▶ **Exercise directions**: Each line from the one with "this 1500×1001 image." through the last line of the records must be output exactly, both ends included.

(Items listed in a dataset)

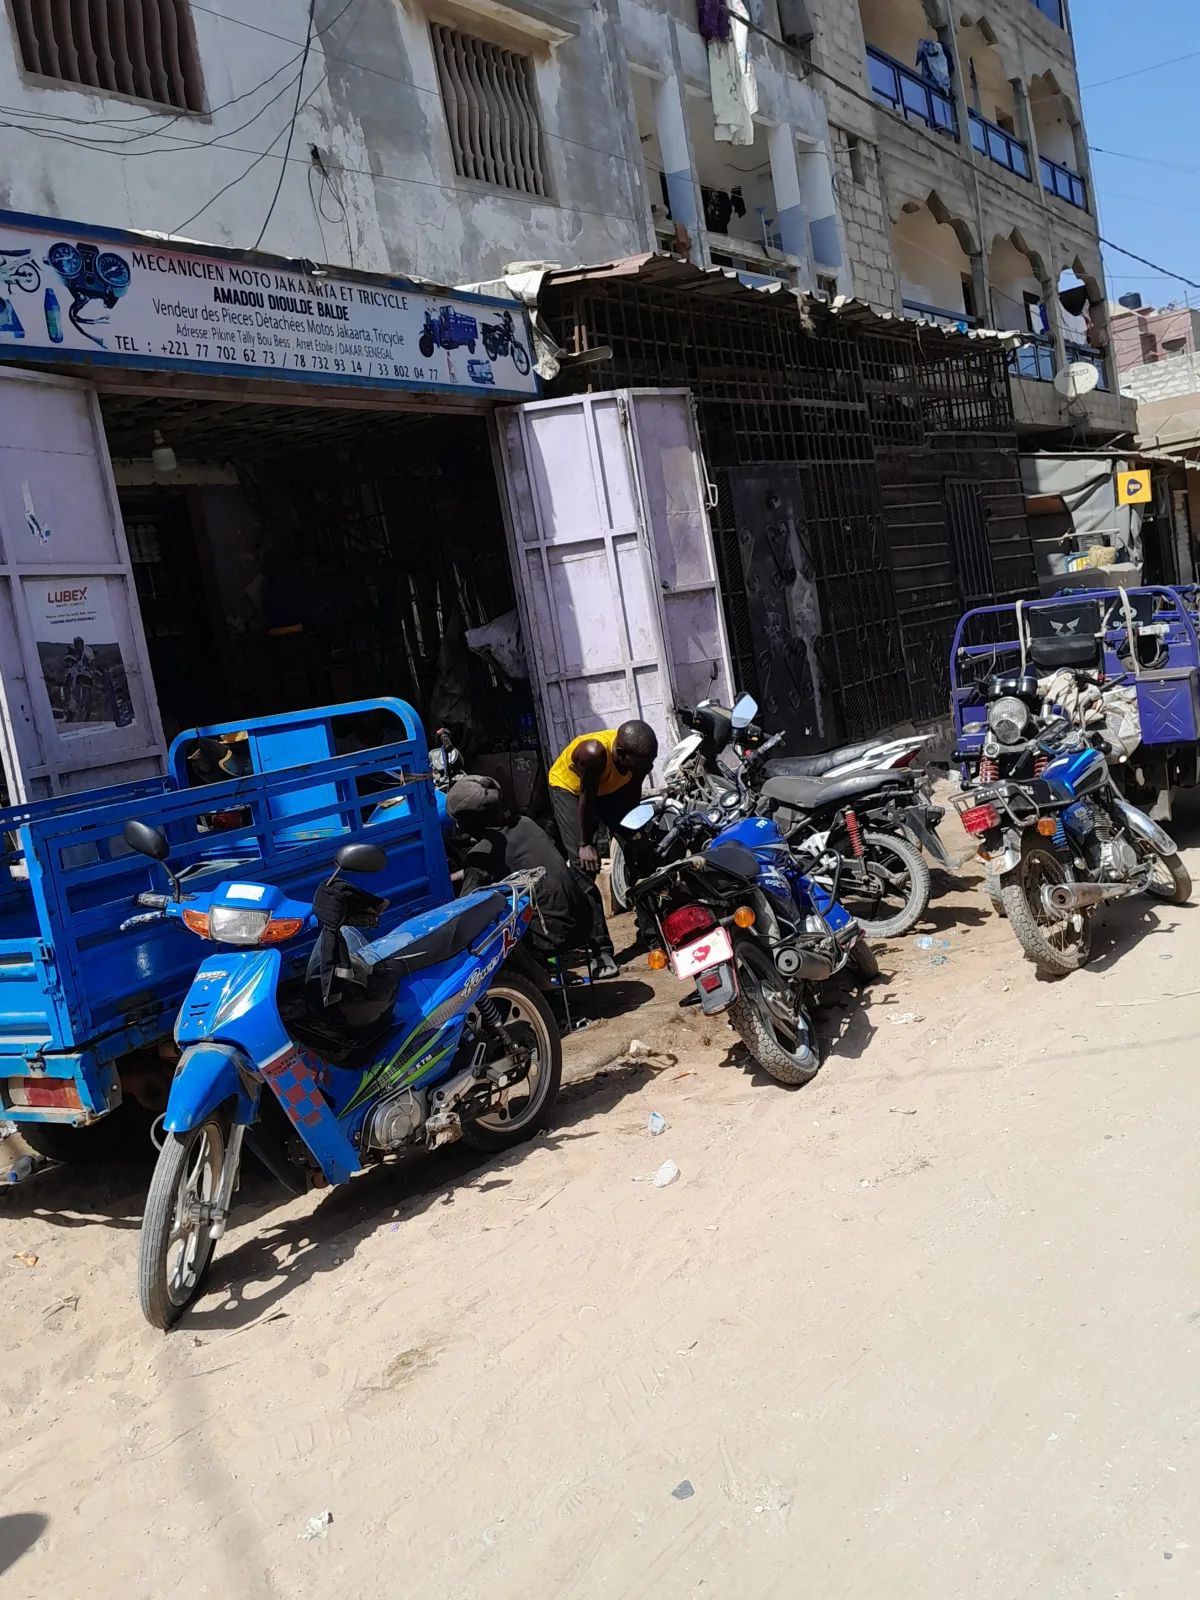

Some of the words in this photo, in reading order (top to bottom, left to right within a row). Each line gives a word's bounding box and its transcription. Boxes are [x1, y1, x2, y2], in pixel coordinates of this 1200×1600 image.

[132, 252, 224, 282] MECANICIEN
[229, 267, 271, 288] MOTO
[340, 286, 354, 303] ET
[356, 289, 410, 311] TRICYCLE
[152, 298, 199, 320] Vendeur
[201, 305, 220, 324] des
[222, 309, 254, 327] Pieces
[256, 311, 306, 333] Détachées
[307, 318, 335, 337] Motos
[336, 322, 373, 343] Jakaarta,
[373, 328, 405, 346] Tricycle
[213, 286, 265, 309] AMADOU
[268, 294, 315, 316] DIOULDE
[317, 300, 350, 322] BALDE
[114, 335, 139, 352] TEL
[161, 341, 189, 356] +221
[195, 344, 209, 358] 77
[217, 346, 236, 361] 702
[243, 349, 256, 363] 62
[262, 351, 275, 365] 73
[294, 353, 306, 367] 78
[312, 356, 329, 370] 732
[334, 359, 346, 371] 93
[351, 360, 362, 373] 14
[378, 364, 389, 375] 33
[394, 365, 409, 377] 802
[414, 367, 424, 379] 04
[429, 368, 438, 380] 77
[176, 323, 210, 339] Adresse:
[211, 326, 236, 343] Pikine
[238, 329, 255, 347] Tally
[257, 333, 272, 347] Bou
[274, 335, 290, 349] Bess
[296, 337, 314, 351] Arret
[315, 339, 334, 353] Etoile
[339, 344, 363, 357] DAKAR
[363, 346, 394, 361] SENEGAL
[47, 586, 88, 603] LUBEX
[755, 819, 769, 830] TVS
[415, 1053, 433, 1070] KTM
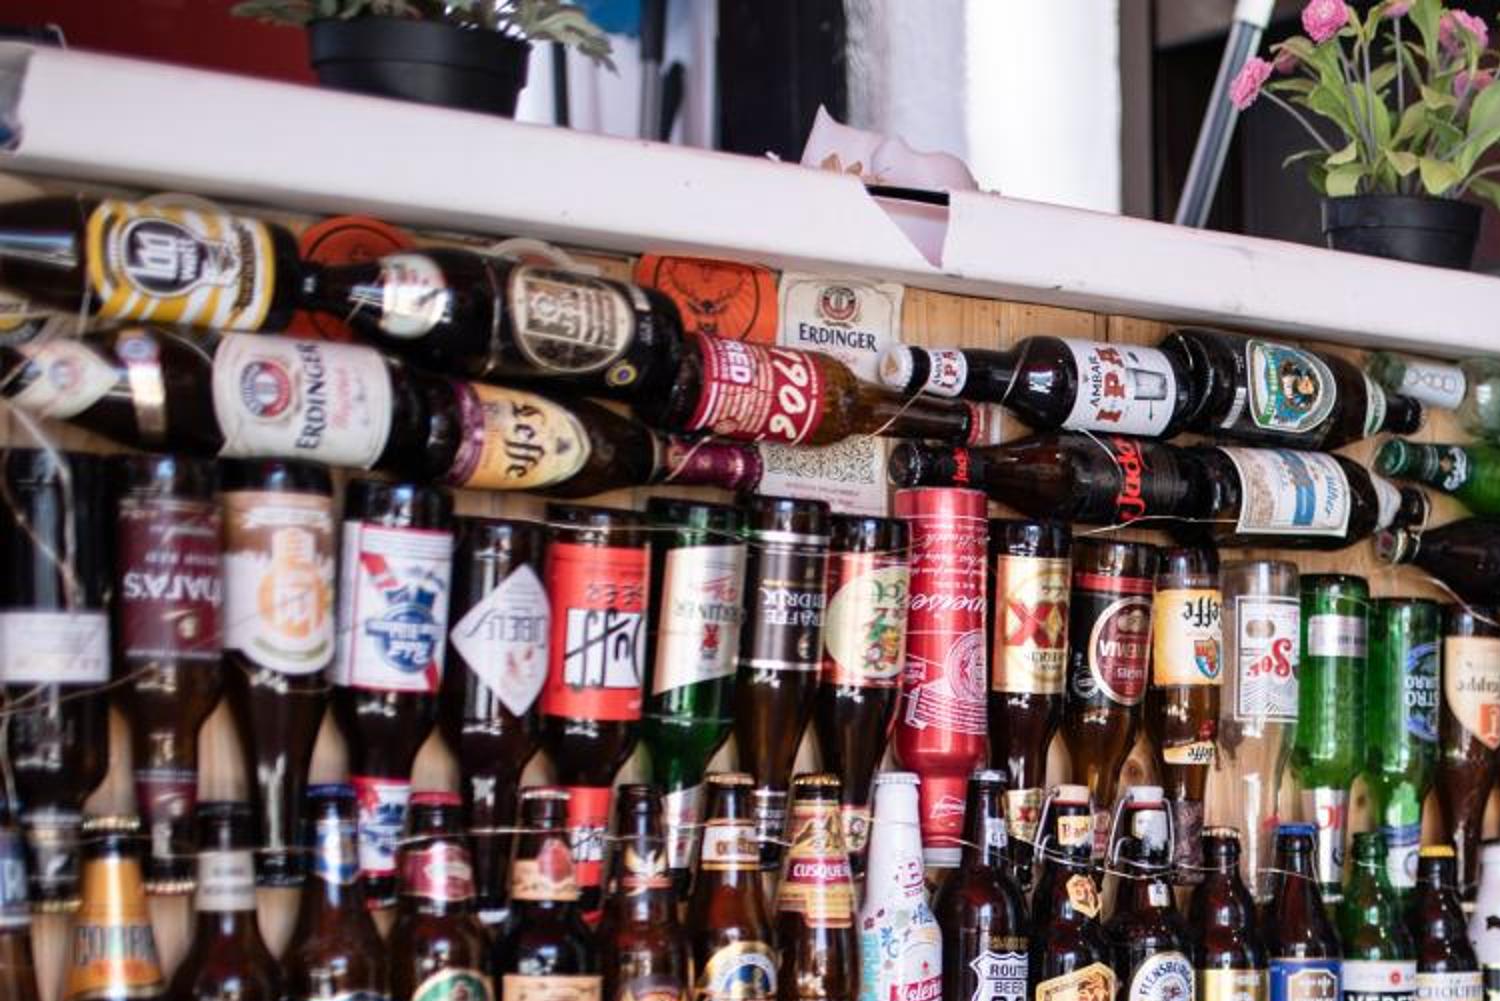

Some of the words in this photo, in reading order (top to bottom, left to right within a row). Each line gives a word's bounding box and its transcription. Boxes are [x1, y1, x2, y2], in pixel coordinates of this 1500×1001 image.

[798, 322, 878, 353] ERDINGER
[296, 344, 327, 452] ERDINGER
[767, 349, 810, 441] 1906
[1182, 598, 1220, 627] effe

▶ **Output**:
Some of the words in this photo, in reading order (top to bottom, left to right within a row). Each line gives a word's bounding box and its transcription. Boxes are [x1, y1, x2, y2], in pixel coordinates of this 1500×1001 image.

[798, 322, 878, 353] ERDINGER
[296, 344, 327, 452] ERDINGER
[767, 349, 810, 441] 1906
[1182, 598, 1220, 627] effe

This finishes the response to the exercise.